PROBLEM> May I please have every record restated word for word, with the images left out?

Saved entries
= = = = =

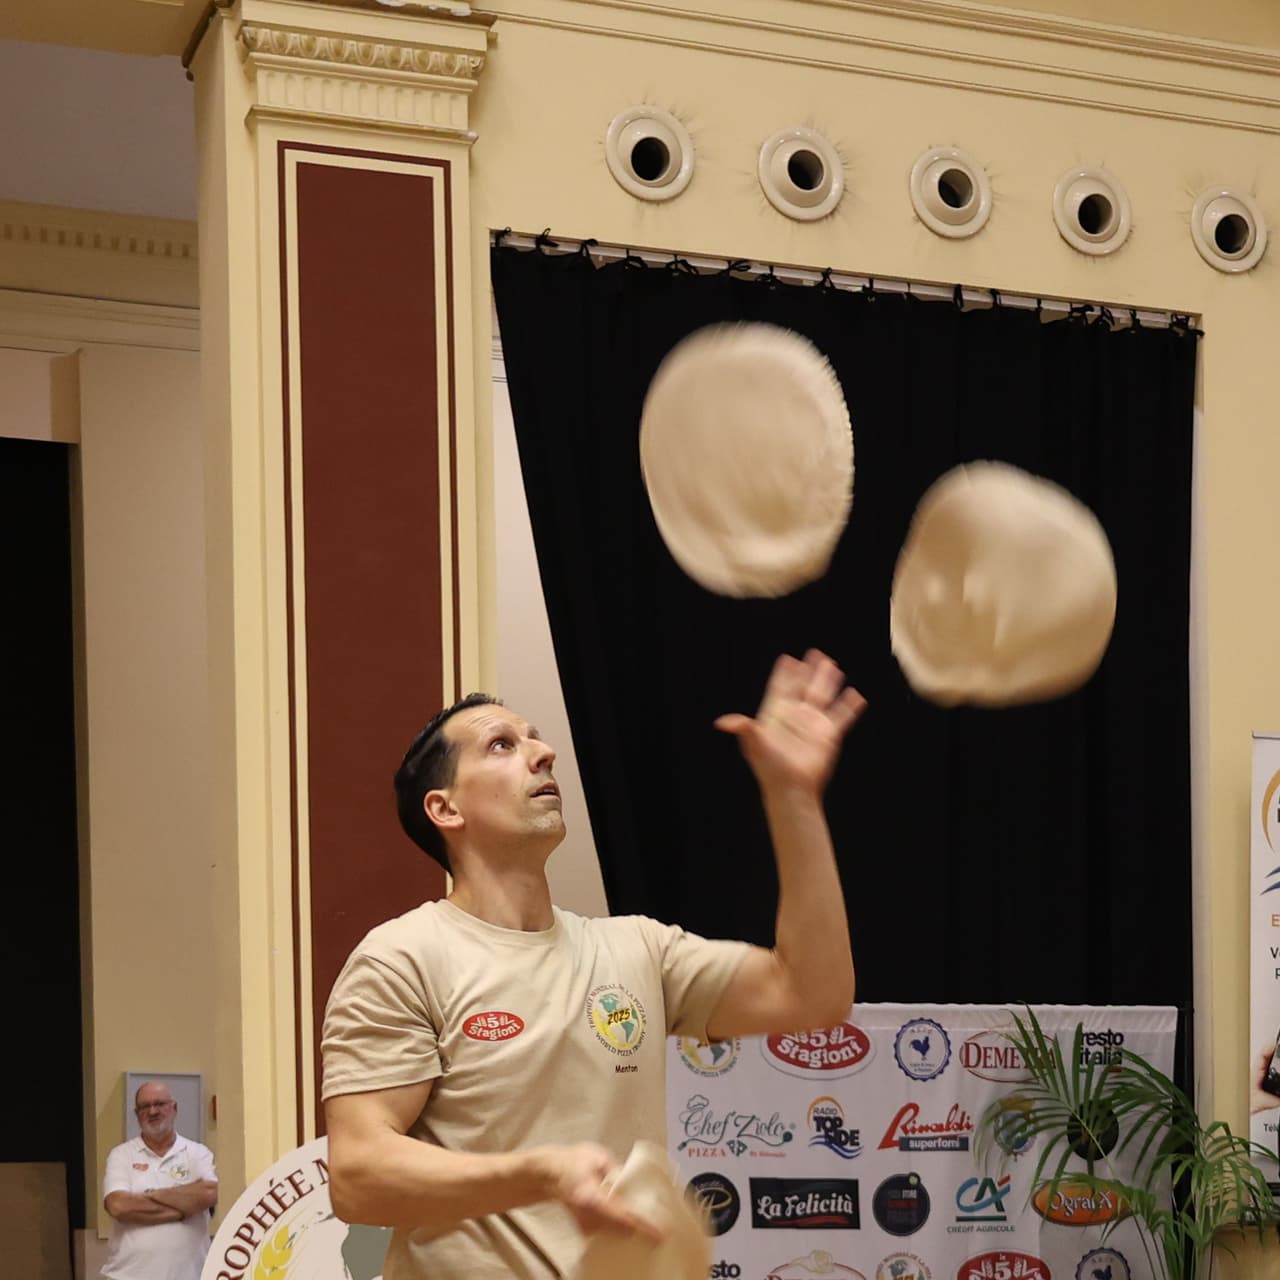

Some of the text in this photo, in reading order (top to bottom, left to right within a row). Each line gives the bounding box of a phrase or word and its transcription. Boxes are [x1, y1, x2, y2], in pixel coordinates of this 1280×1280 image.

[607, 1008, 631, 1025] 2025
[809, 1028, 827, 1048] 5
[1081, 1028, 1124, 1047] resto
[776, 1040, 864, 1068] Stagioni
[615, 1065, 638, 1073] Menton
[813, 1107, 838, 1116] RADIO
[679, 1110, 735, 1145] Chef
[813, 1116, 843, 1133] TOP
[878, 1102, 973, 1151] Rinaldi
[688, 1148, 727, 1158] PIZZA
[757, 1193, 854, 1219] La Felicità
[976, 1224, 1016, 1233] AGRICOLE
[710, 1260, 741, 1279] sto
[993, 1260, 1011, 1280] 5
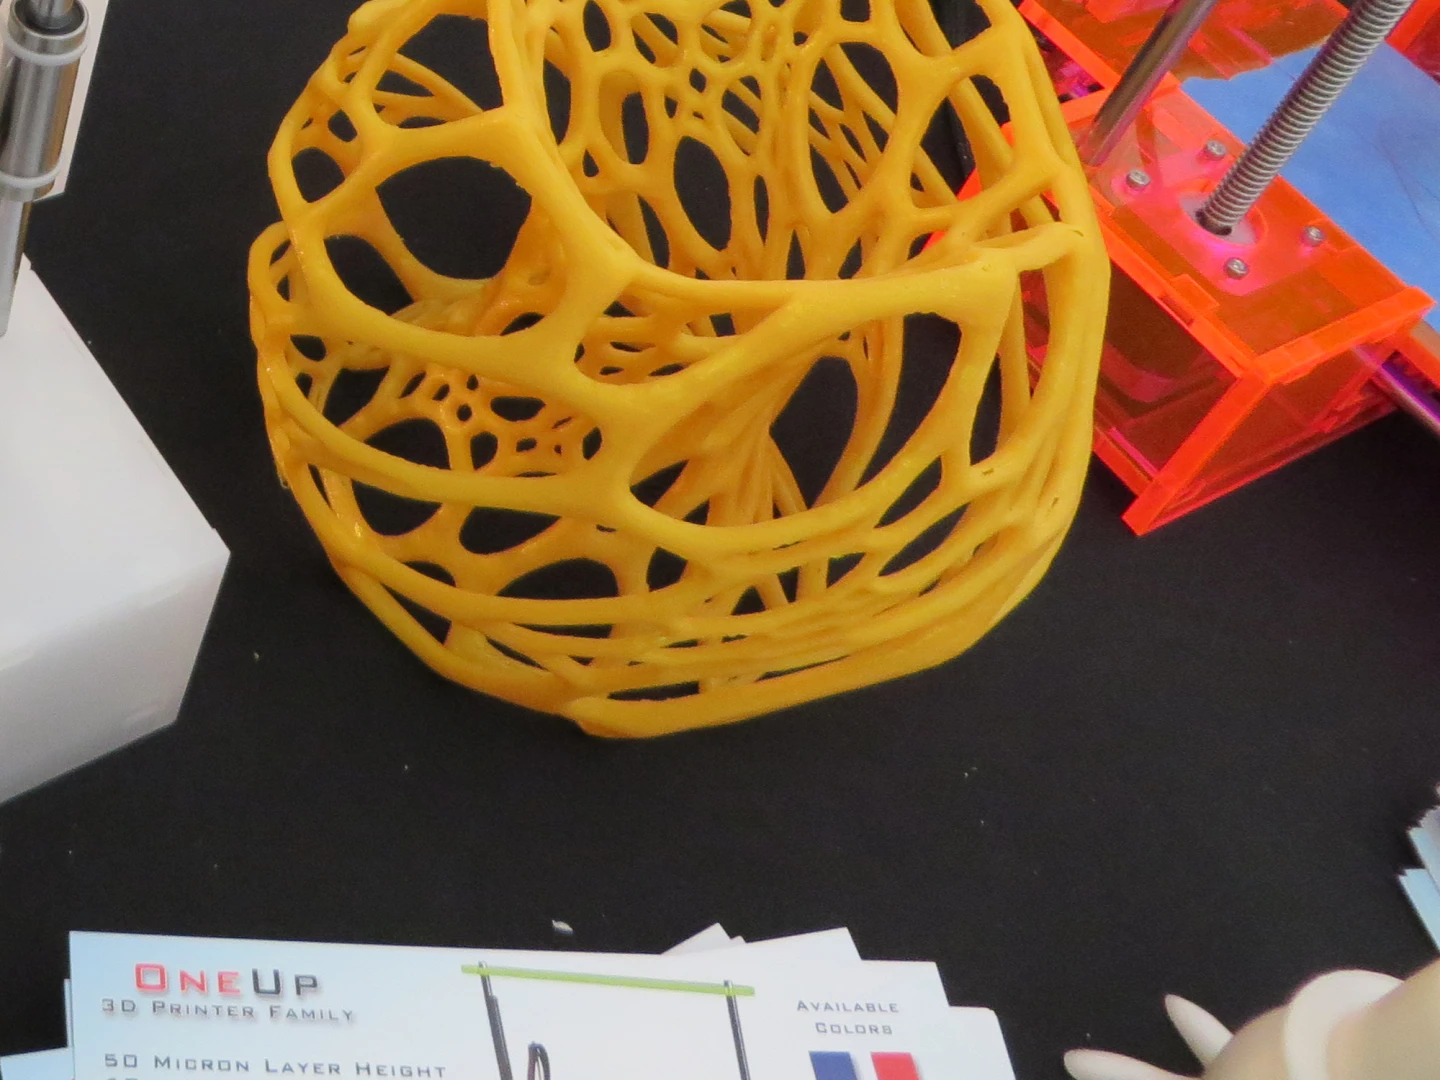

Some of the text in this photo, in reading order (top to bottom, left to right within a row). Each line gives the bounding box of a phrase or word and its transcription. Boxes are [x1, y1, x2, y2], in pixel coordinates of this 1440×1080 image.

[101, 998, 355, 1021] 3D PRINTER FAMILY
[796, 999, 900, 1014] AVAILABLE
[104, 1052, 446, 1078] 50 MICRON LAYER HEIGHT
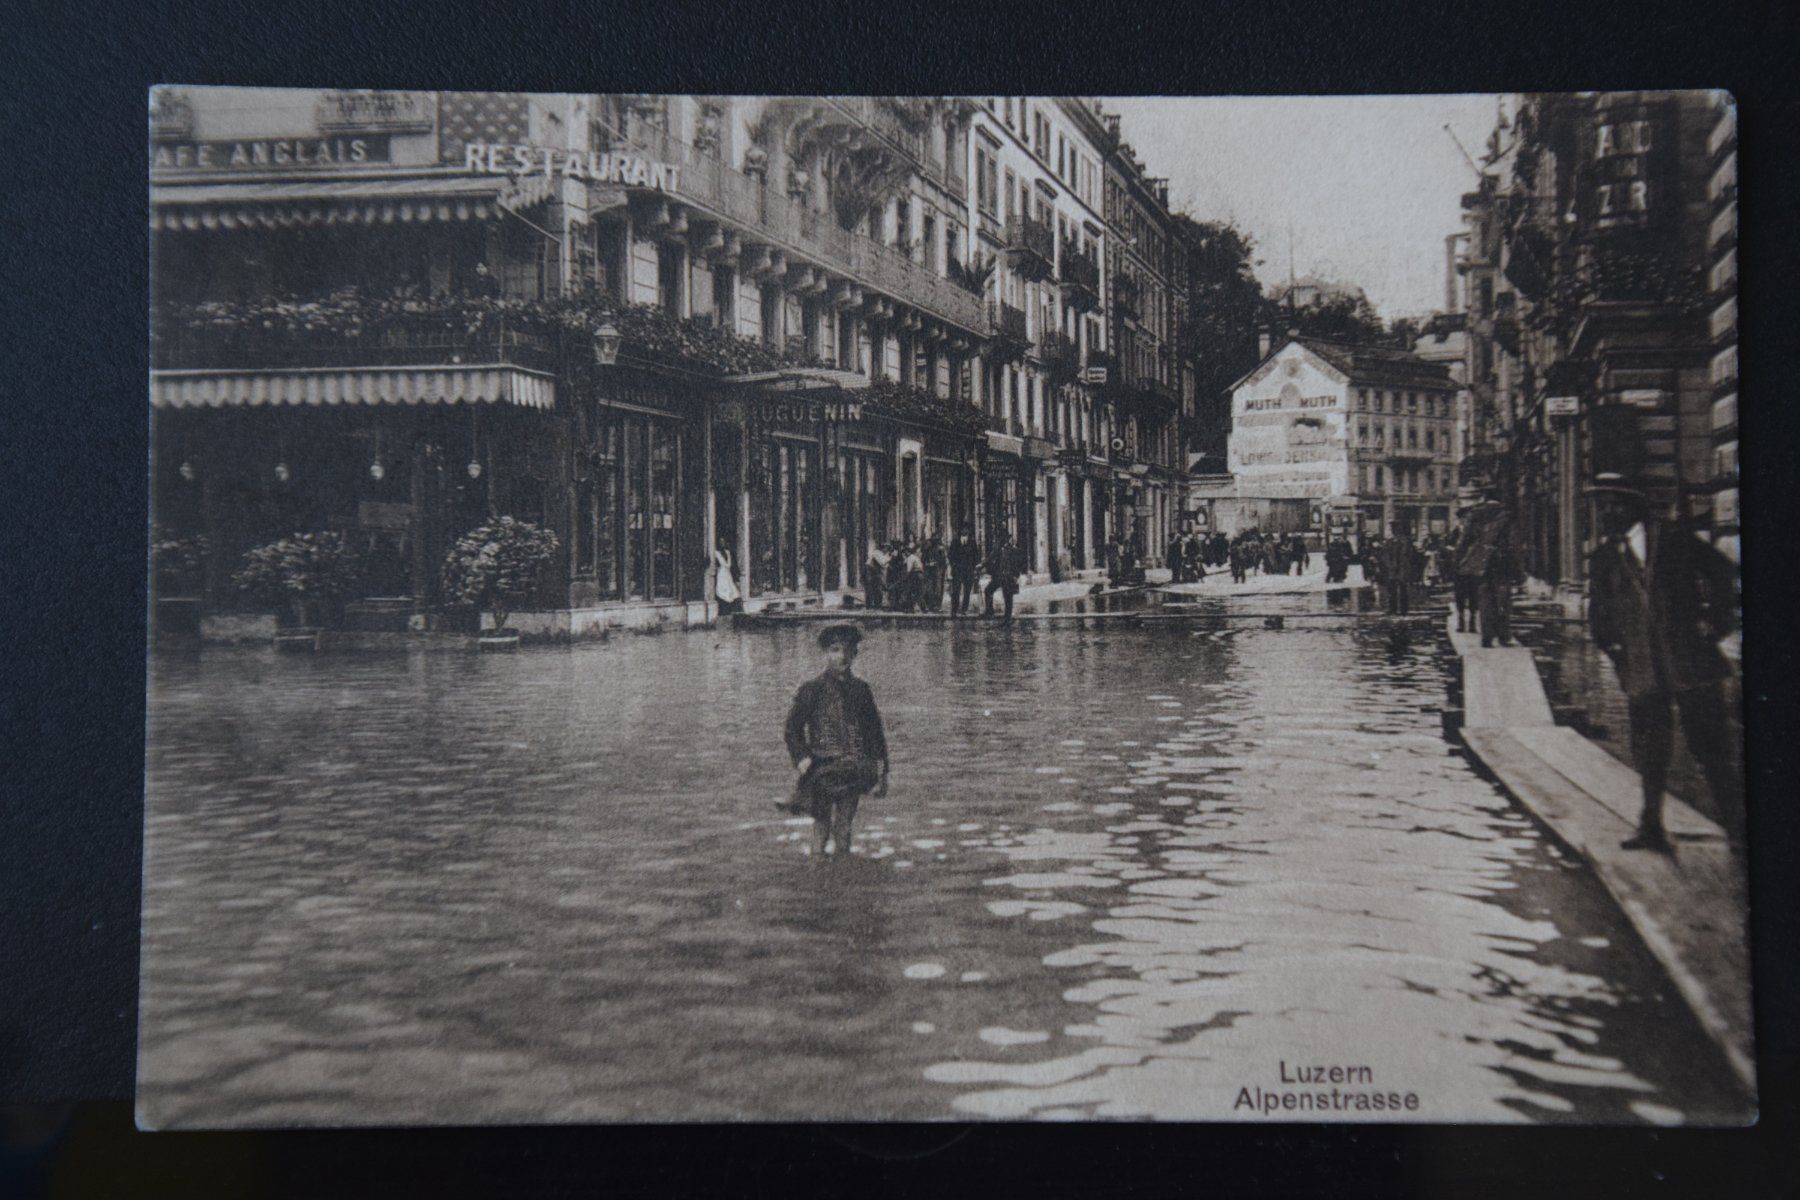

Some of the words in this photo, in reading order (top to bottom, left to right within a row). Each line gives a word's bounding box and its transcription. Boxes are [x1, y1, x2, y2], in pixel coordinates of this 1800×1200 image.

[230, 139, 368, 164] ANGLAIS
[465, 142, 681, 192] RESTAURANT
[748, 402, 861, 422] UGUENIN
[1246, 398, 1281, 410] MUTH
[1300, 395, 1336, 408] MUTH
[1280, 1060, 1373, 1083] Luzern
[1234, 1086, 1420, 1116] Alpenstrasse

= = = = =

ANSWER TO THIS EXERCISE>
Some of the text in this photo, in reading order (top to bottom, left to right within a row). Each line gives the bounding box of a phrase or word and its transcription. Boxes are [x1, y1, x2, y2], in pixel coordinates of this 1280×1280 image.

[607, 1008, 631, 1025] 2025
[809, 1028, 827, 1048] 5
[1081, 1028, 1124, 1047] resto
[776, 1040, 864, 1068] Stagioni
[615, 1065, 638, 1073] Menton
[813, 1107, 838, 1116] RADIO
[679, 1110, 735, 1145] Chef
[813, 1116, 843, 1133] TOP
[878, 1102, 973, 1151] Rinaldi
[688, 1148, 727, 1158] PIZZA
[757, 1193, 854, 1219] La Felicità
[976, 1224, 1016, 1233] AGRICOLE
[710, 1260, 741, 1279] sto
[993, 1260, 1011, 1280] 5

Some of the text in this photo, in reading order (top to bottom, left to right within a row). Each line gives the bounding box of a phrase or word and its transcription. Boxes are [x1, y1, x2, y2], in pixel coordinates of this 1440×1080 image.

[101, 998, 355, 1021] 3D PRINTER FAMILY
[796, 999, 900, 1014] AVAILABLE
[104, 1052, 446, 1078] 50 MICRON LAYER HEIGHT

Some of the words in this photo, in reading order (top to bottom, left to right within a row). Each line gives a word's bounding box and its transcription. Boxes are [x1, y1, x2, y2], in pixel coordinates of this 1800×1200 image.

[230, 139, 368, 164] ANGLAIS
[465, 142, 681, 192] RESTAURANT
[748, 402, 861, 422] UGUENIN
[1246, 398, 1281, 410] MUTH
[1300, 395, 1336, 408] MUTH
[1280, 1060, 1373, 1083] Luzern
[1234, 1086, 1420, 1116] Alpenstrasse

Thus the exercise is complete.